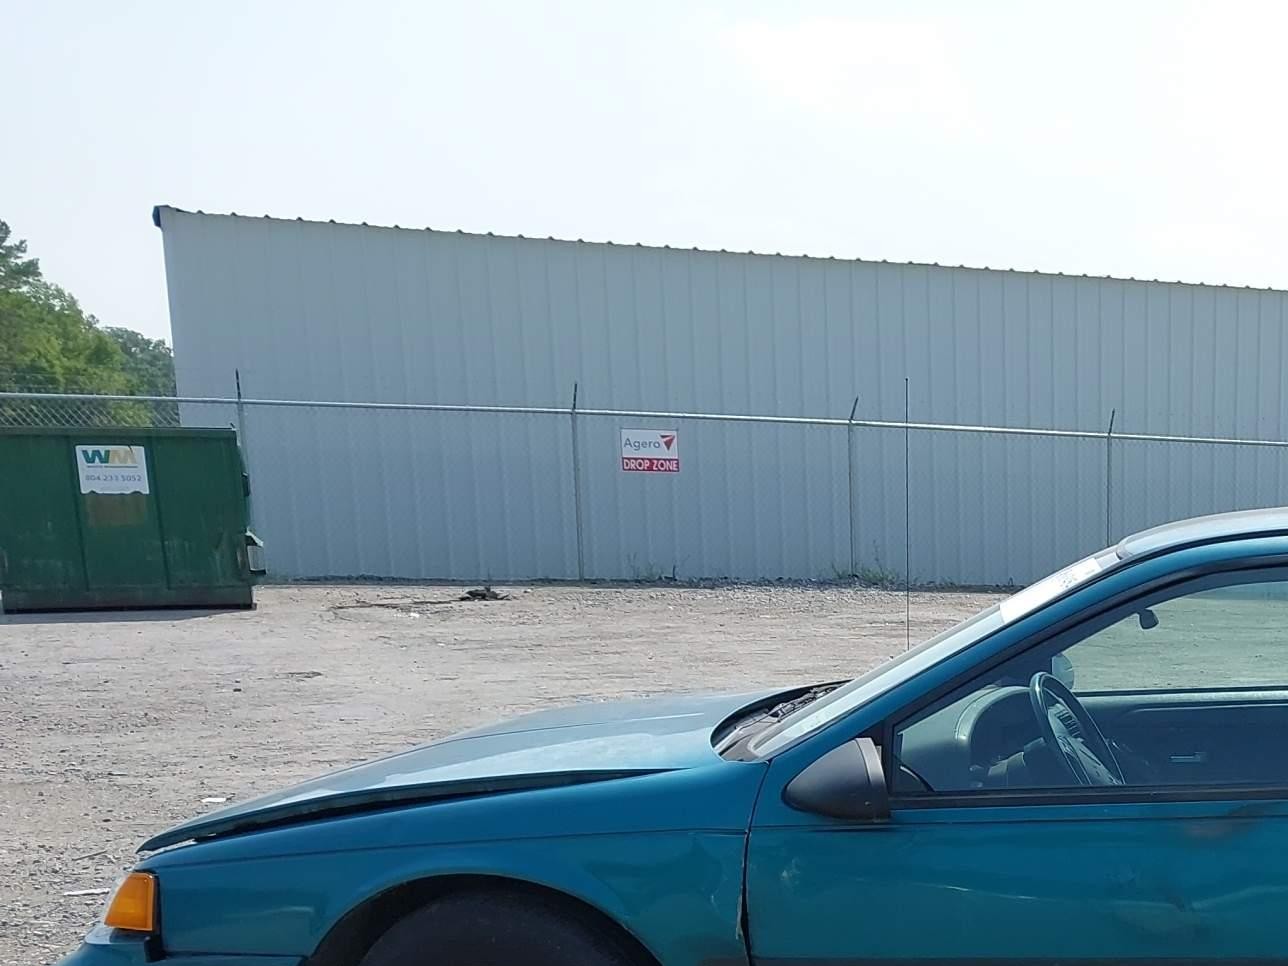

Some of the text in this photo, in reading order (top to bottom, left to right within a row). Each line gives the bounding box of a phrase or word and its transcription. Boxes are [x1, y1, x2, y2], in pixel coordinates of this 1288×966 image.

[624, 438, 660, 451] Agero
[82, 449, 137, 464] WM
[623, 458, 679, 471] DROP ZONE
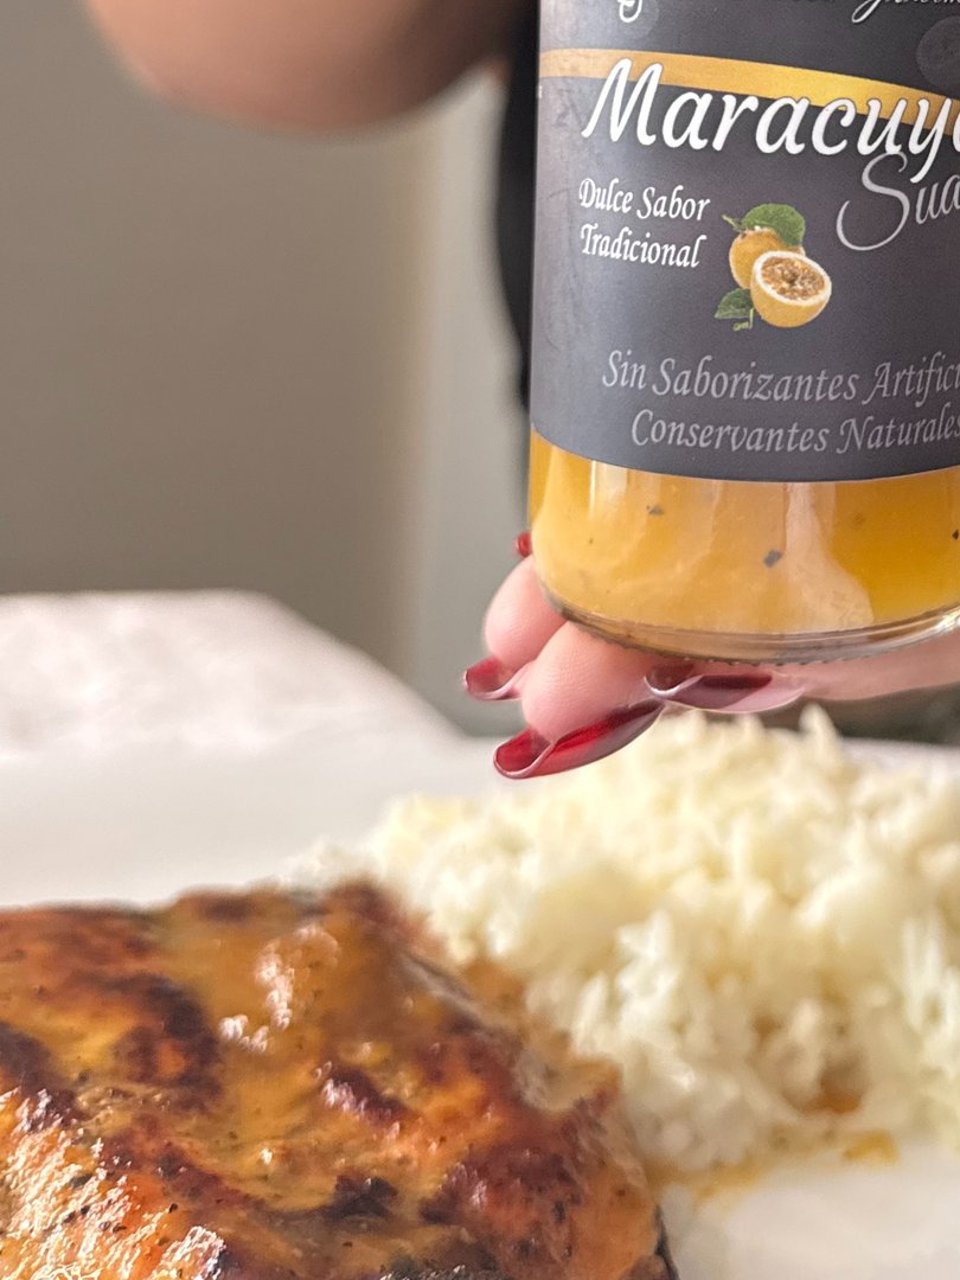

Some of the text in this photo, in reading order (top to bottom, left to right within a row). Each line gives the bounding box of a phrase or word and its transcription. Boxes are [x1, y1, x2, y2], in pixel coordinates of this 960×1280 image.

[579, 177, 711, 221] Dulce Sabor
[580, 222, 707, 269] Tradicional
[602, 349, 647, 390] Sin
[652, 355, 859, 402] Saborizantes
[631, 409, 830, 453] Conservantes
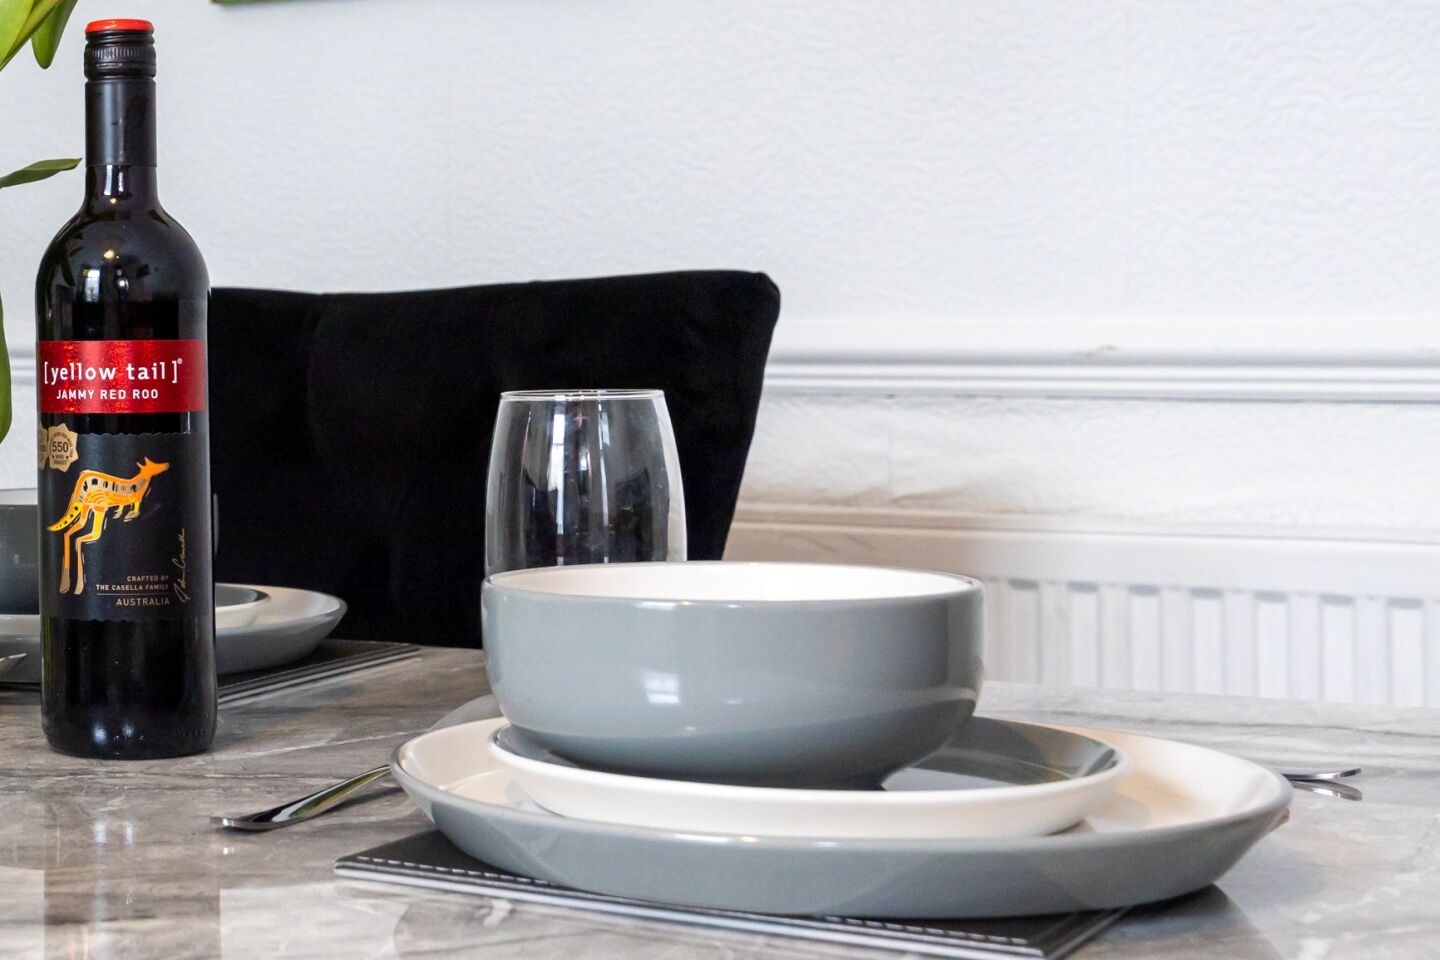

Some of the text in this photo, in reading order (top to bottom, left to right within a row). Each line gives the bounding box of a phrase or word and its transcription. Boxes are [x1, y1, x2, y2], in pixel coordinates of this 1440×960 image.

[56, 389, 158, 400] JAMMY RED ROO
[51, 441, 69, 453] 550
[116, 598, 170, 606] AUSTRALIA
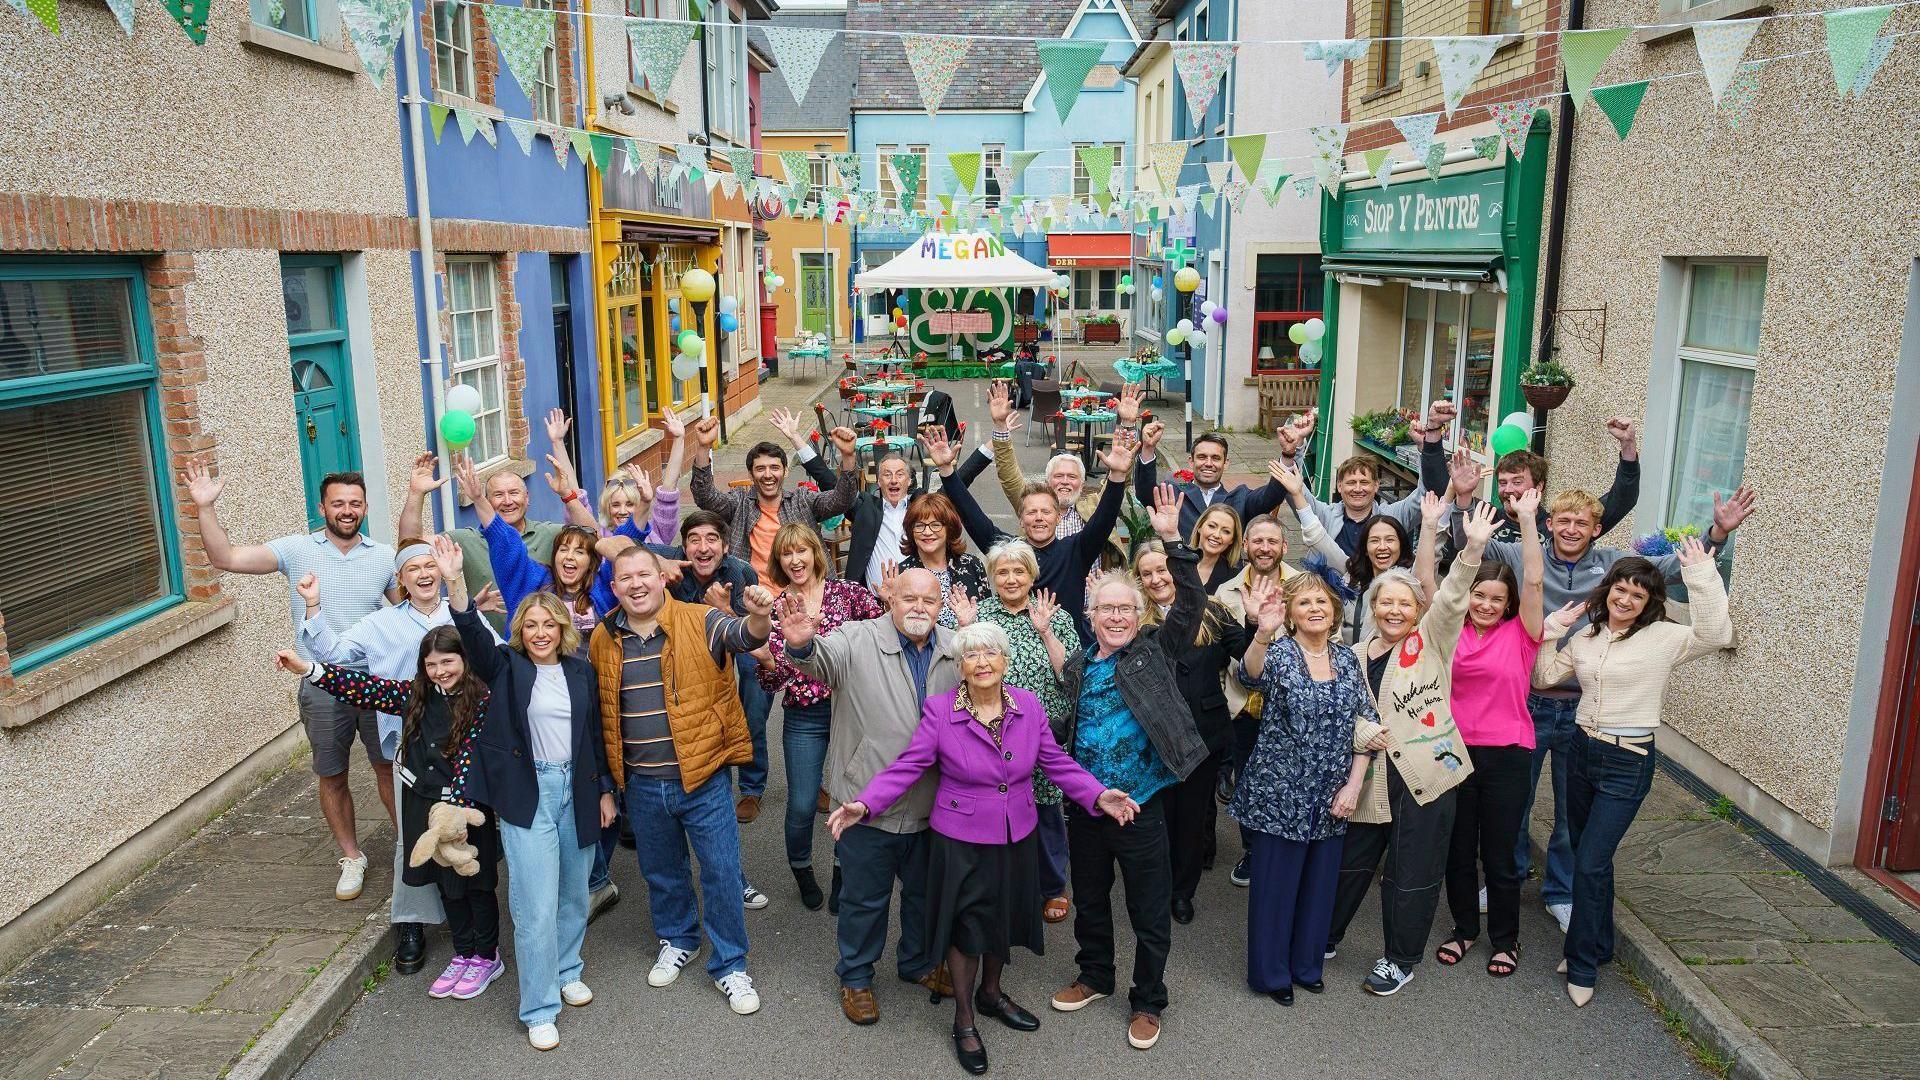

• REQUIRED WORK: Repeat every line of the data above exactly, but drop the pictures.

• RESULT OF THIS EXERCISE:
Some of the text in this photo, in reading order (top to bottom, left to right within a row). Each line gives the bounding box of a phrase or word and its transcription. Boxes are [x1, y1, x2, y2], in pixel coordinates of this 1288×966 image.

[624, 438, 660, 451] Agero
[82, 449, 137, 464] WM
[623, 458, 679, 471] DROP ZONE

Some of the text in this photo, in reading order (top to bottom, left to right within a row). Each line gives the bounding box of a phrase or word and its transcription. Boxes are [x1, y1, x2, y2], in pixel coordinates of this 960×1280 image.

[579, 177, 711, 221] Dulce Sabor
[580, 222, 707, 269] Tradicional
[602, 349, 647, 390] Sin
[652, 355, 859, 402] Saborizantes
[631, 409, 830, 453] Conservantes

Some of the text in this photo, in reading order (top to bottom, left to right within a row). Each line gives the bounding box of a phrase or word and its transcription. Boxes are [x1, y1, x2, y2], in pixel coordinates of this 1440×960 image.

[56, 389, 158, 400] JAMMY RED ROO
[51, 441, 69, 453] 550
[116, 598, 170, 606] AUSTRALIA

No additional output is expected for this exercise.